The story of ultramarine blue changed in 1824, when the Societé d’Encouragement d’Industrie, the society for the promotion of French industry, offered a prize of 6,000 francs to anyone who invented a synthetic version. Within a short time the French chemist Jean Baptiste Guimet succeeded in 1826 and the German professor Christian Gmelin in 1828; the prize was won by Guimet and the new pigment was also called French ultramarine. While Guimet kept the process secret, however, Gmelin made it public, starting the industrial production of artificial ultramarine blue.
More than one hundred and fifty years later, the history of ultramarine blue took a step further. Indeed, in the 1950s the French painter Yves Klein developed an opaque version, which he registered in 1960 under the name of International Klein Blue (IKB). He used it in more than 200 works: monochrome canvases, sculptures and model bodies that imprinted color on the canvas. The Blue Klein became his trademark. He once said that «blue has no dimensions, it goes beyond dimensions», meaning that he could transport the observer off the canvas.
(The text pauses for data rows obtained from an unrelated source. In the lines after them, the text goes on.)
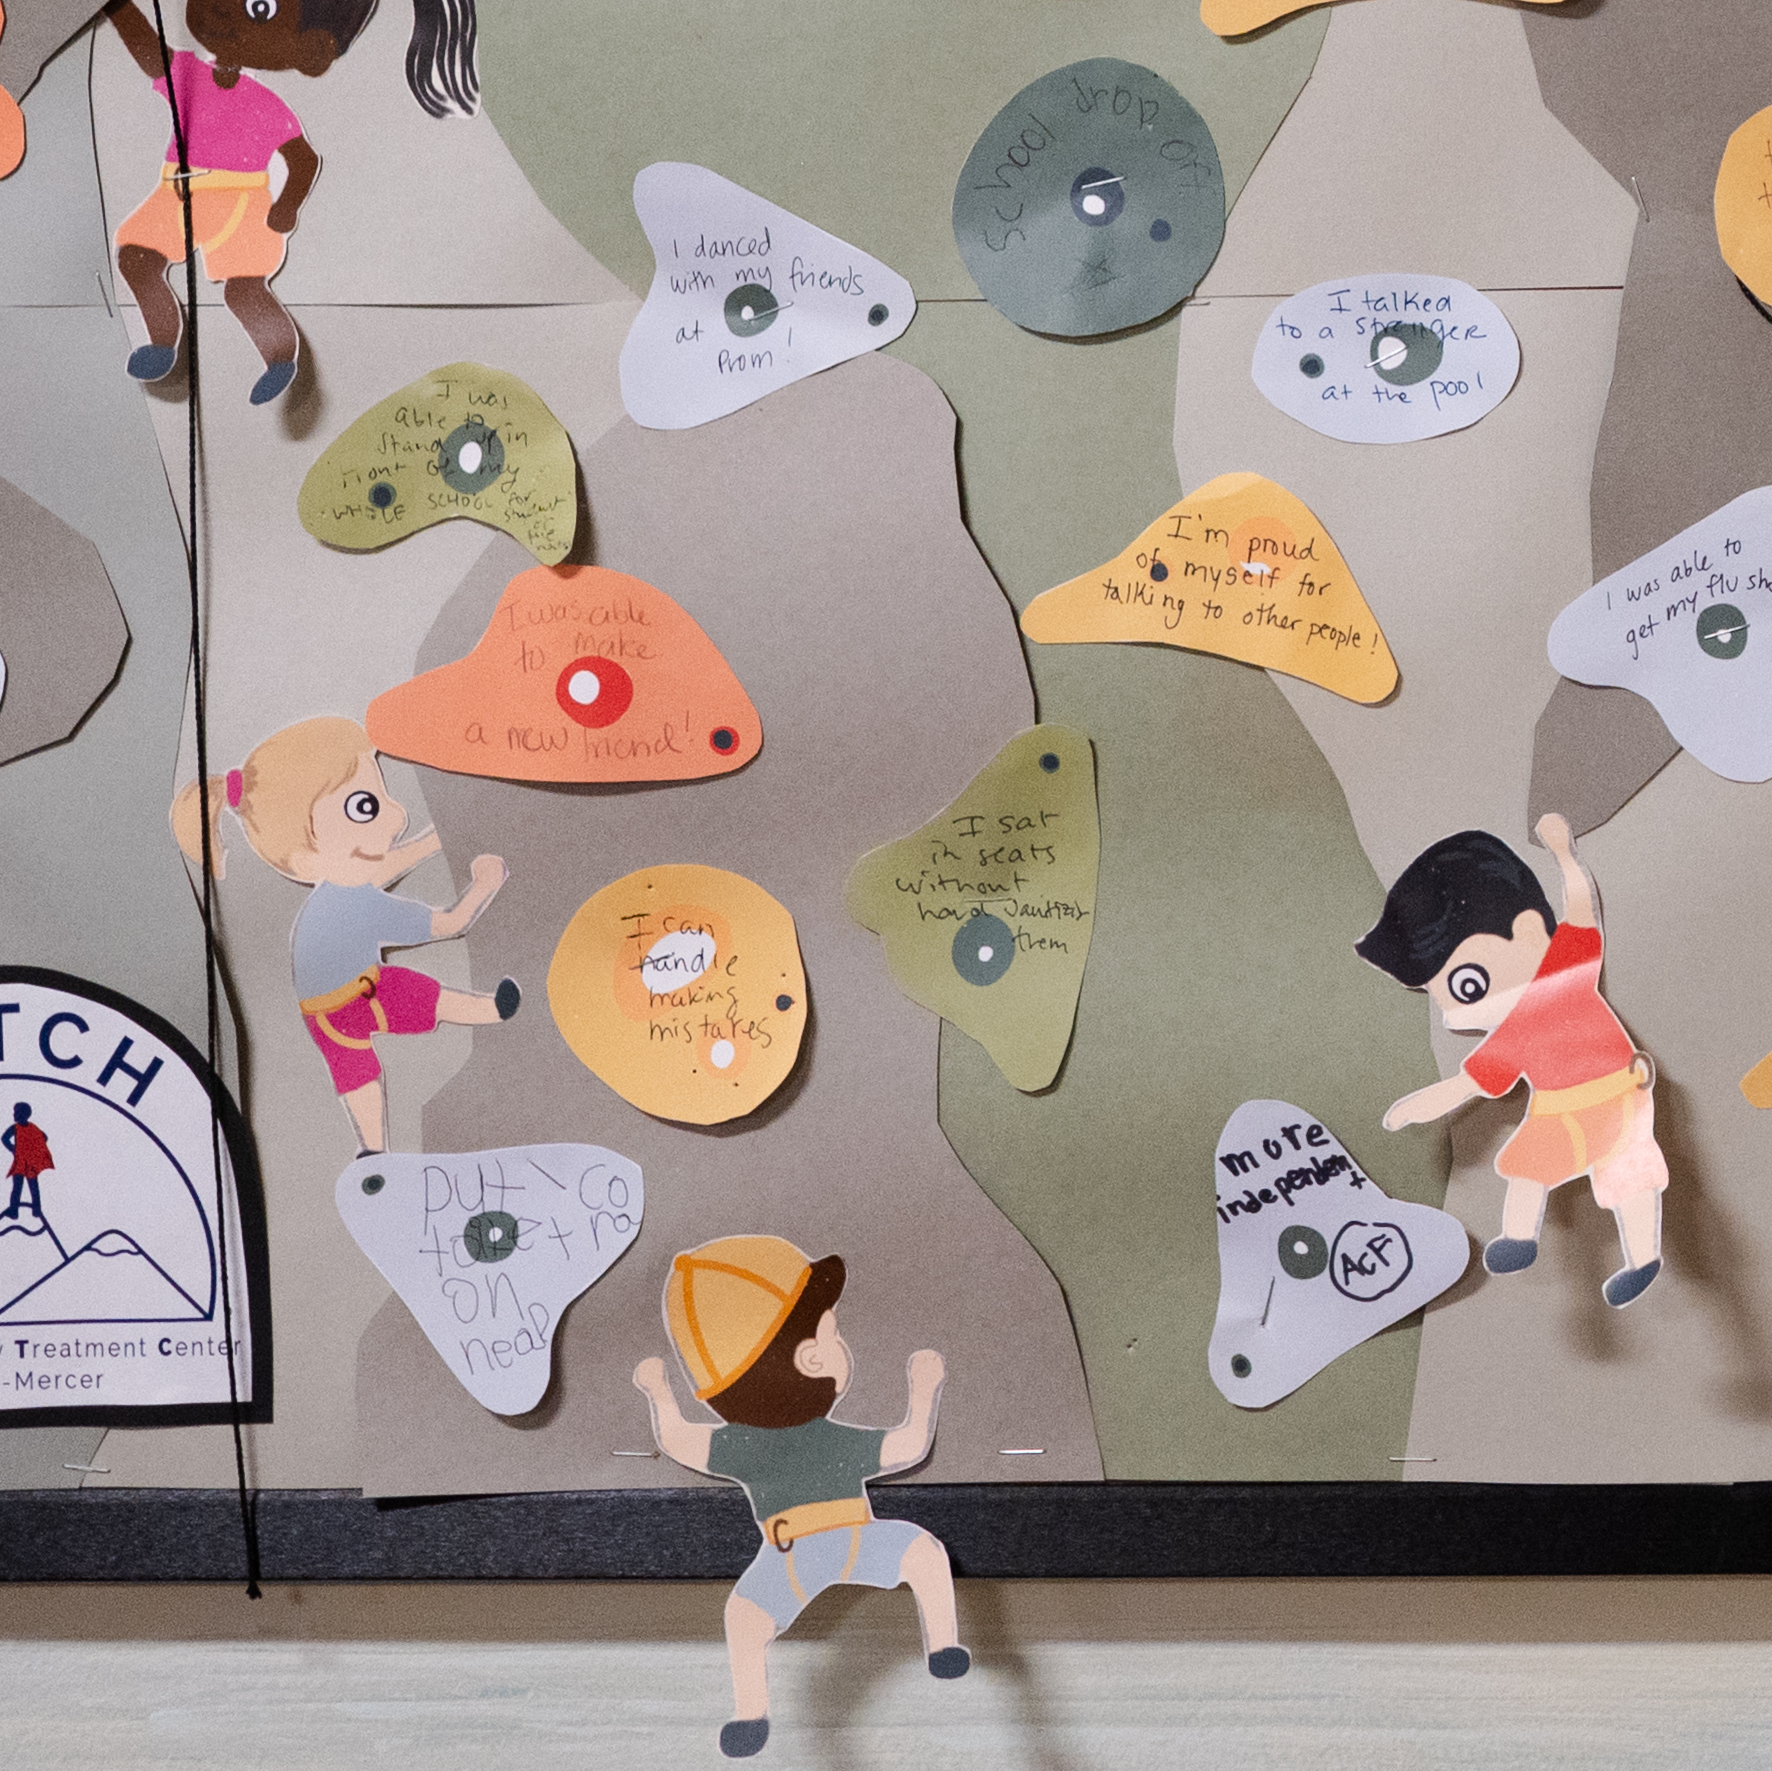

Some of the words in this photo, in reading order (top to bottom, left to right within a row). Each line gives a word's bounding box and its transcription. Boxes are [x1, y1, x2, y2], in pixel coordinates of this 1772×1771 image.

[1070, 77, 1160, 129] drop
[693, 226, 773, 260] danced
[669, 269, 716, 295] with
[735, 264, 773, 292] my
[789, 256, 865, 297] friends
[1326, 289, 1352, 314] I
[1361, 289, 1452, 313] talked
[675, 318, 705, 344] at
[1275, 315, 1303, 340] to
[1320, 384, 1353, 402] at
[1371, 385, 1412, 404] the
[1429, 370, 1484, 412] pool
[394, 407, 447, 430] able
[1166, 514, 1230, 548] I'm
[1245, 537, 1320, 563] proud
[1183, 564, 1281, 589] myself
[1297, 573, 1332, 598] for
[1626, 580, 1661, 603] was
[1670, 550, 1715, 584] able
[1724, 539, 1742, 557] to
[1102, 577, 1185, 631] talking
[1202, 600, 1224, 621] to
[1242, 602, 1303, 633] other
[1625, 614, 1662, 661] get
[1666, 591, 1699, 622] my
[1706, 574, 1739, 599] flu
[507, 726, 570, 753] new
[998, 810, 1060, 836] sat
[979, 843, 1057, 867] seats
[895, 870, 1031, 895] without
[662, 915, 716, 939] can
[649, 985, 739, 1020] making
[1219, 1123, 1331, 1177] more
[1341, 1232, 1394, 1286] ACF
[13, 1336, 148, 1360] Treatment
[157, 1336, 242, 1359] Center
One of the most well-known and moving uses of the IKB is Derek Jerman’s film Blue, which shows the same nuance for 75 minutes accompanied by monologues, dialogues and a musical arrangement.
In 2009 a new blue was discovered by chance, which was called YInMn from the initials of its components: Y for yttrium, In for indium and Mn for manganese. It was obtained by Andrew Smith, a research student in the laboratory of professor Mas Subramanian of the University of Oregon, by heating manganese oxide to about 1,200 °C. It was patented in 2012 and has since been used for external use before being approved for general use by the US Environmental Protection Agency in the spring of 2020 under the name Blue 10G513. It is already found in many objects and the Crayola company has put on sale a YInMn blue crayon called Bluetiful, a play on words between blue and beautiful (beautiful, in English). It is a pure blue, without the addition of white or black pigments, it is very stable, resistant and free of toxic components, contrary to many pigments that preceded it.
We are used to associating blue with boys and pink with girls, but it is a convention established after the Second World War and particularly in the 1950s in the United States, from which it spread throughout the West. The reasons were mostly marketing ones, because dividing genres into colors made it easier to sell more clothes and more toys. Before that, kids had been dressed according to age not gender, and toddlers were often in white because it was easier to bleach and clean up. In the novel Little Women by Louise May Alcott we find one of the first references of the distinction of colors based on gender: a girl is identified by a pink ribbon and a boy by a blue ribbon, but it was a French fashion, an exotic habit. Indeed until the twentieth century, if there really was a subdivision it was opposite to the one we use today: red, considered a bright and combative color that recalled that of blood, was considered masculine while blue, with the history of modesty and serenity that carried with Mary’s cloaks, it was deemed more appropriate for women.